____ PROVIDED RECORDS

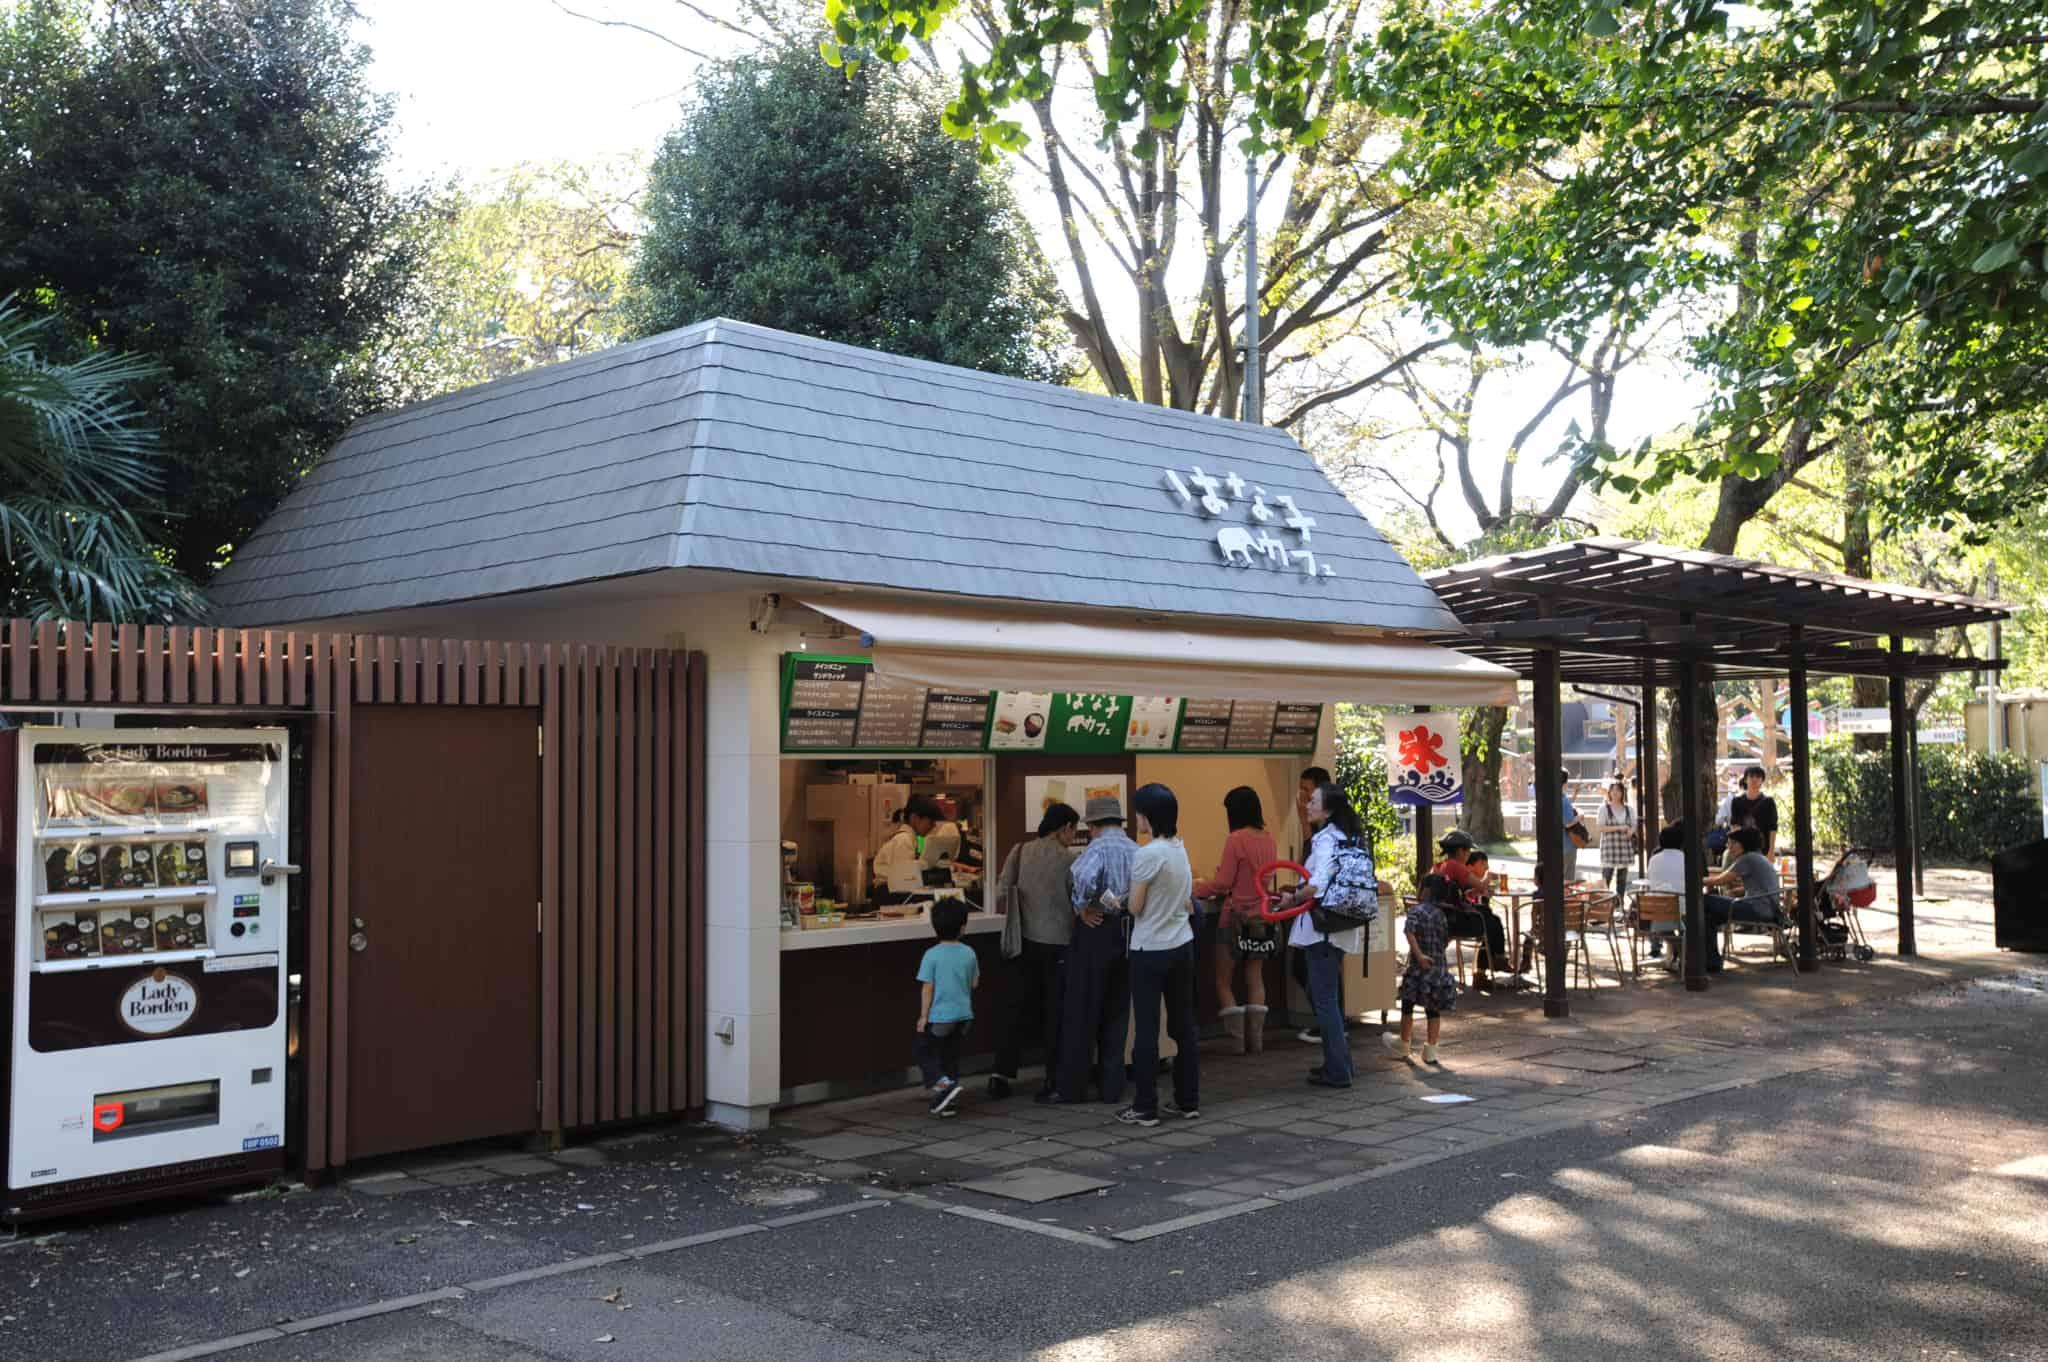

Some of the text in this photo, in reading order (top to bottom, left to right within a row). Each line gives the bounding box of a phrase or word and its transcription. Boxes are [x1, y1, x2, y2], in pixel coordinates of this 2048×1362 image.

[116, 744, 208, 760] Lady Borden
[1398, 725, 1449, 775] 氷
[141, 984, 179, 1002] Lady
[130, 1000, 189, 1017] Borden
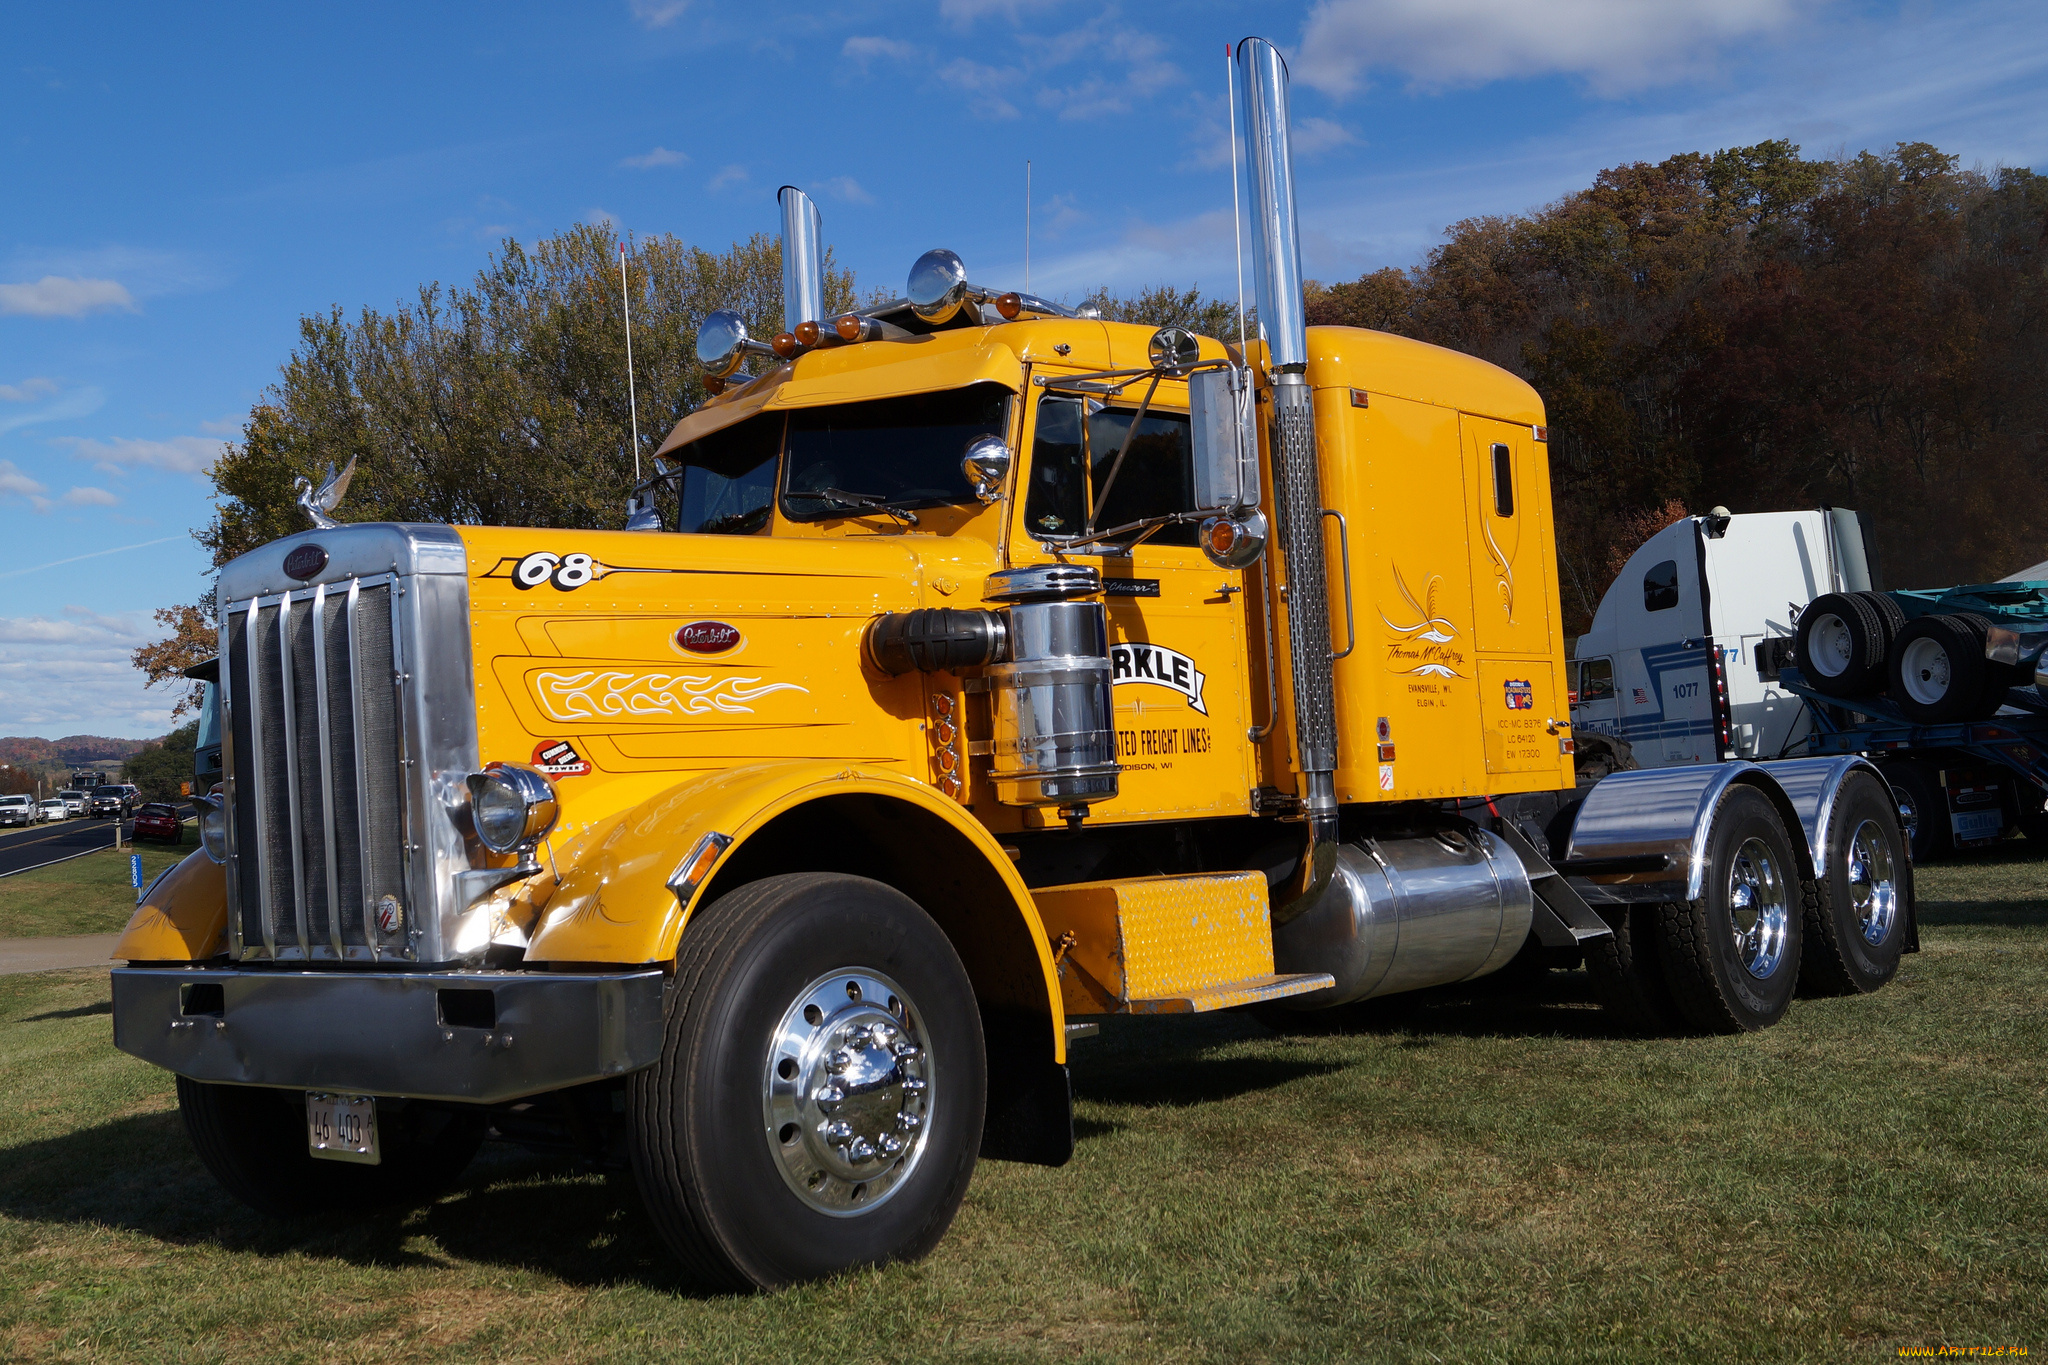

________

TASK INSTRUCTIONS: Could you print all of the entries exactly, skipping the images?

SOLUTION TO THIS EXERCISE:
Some of the text in this photo, in reading order (top to bottom, left to right within a row). Each line gives the bounding box of a phrase or word and its transcription. Boxes are [x1, y1, x2, y2], in pixel coordinates of this 2048×1362 image.

[116, 744, 208, 760] Lady Borden
[1398, 725, 1449, 775] 氷
[141, 984, 179, 1002] Lady
[130, 1000, 189, 1017] Borden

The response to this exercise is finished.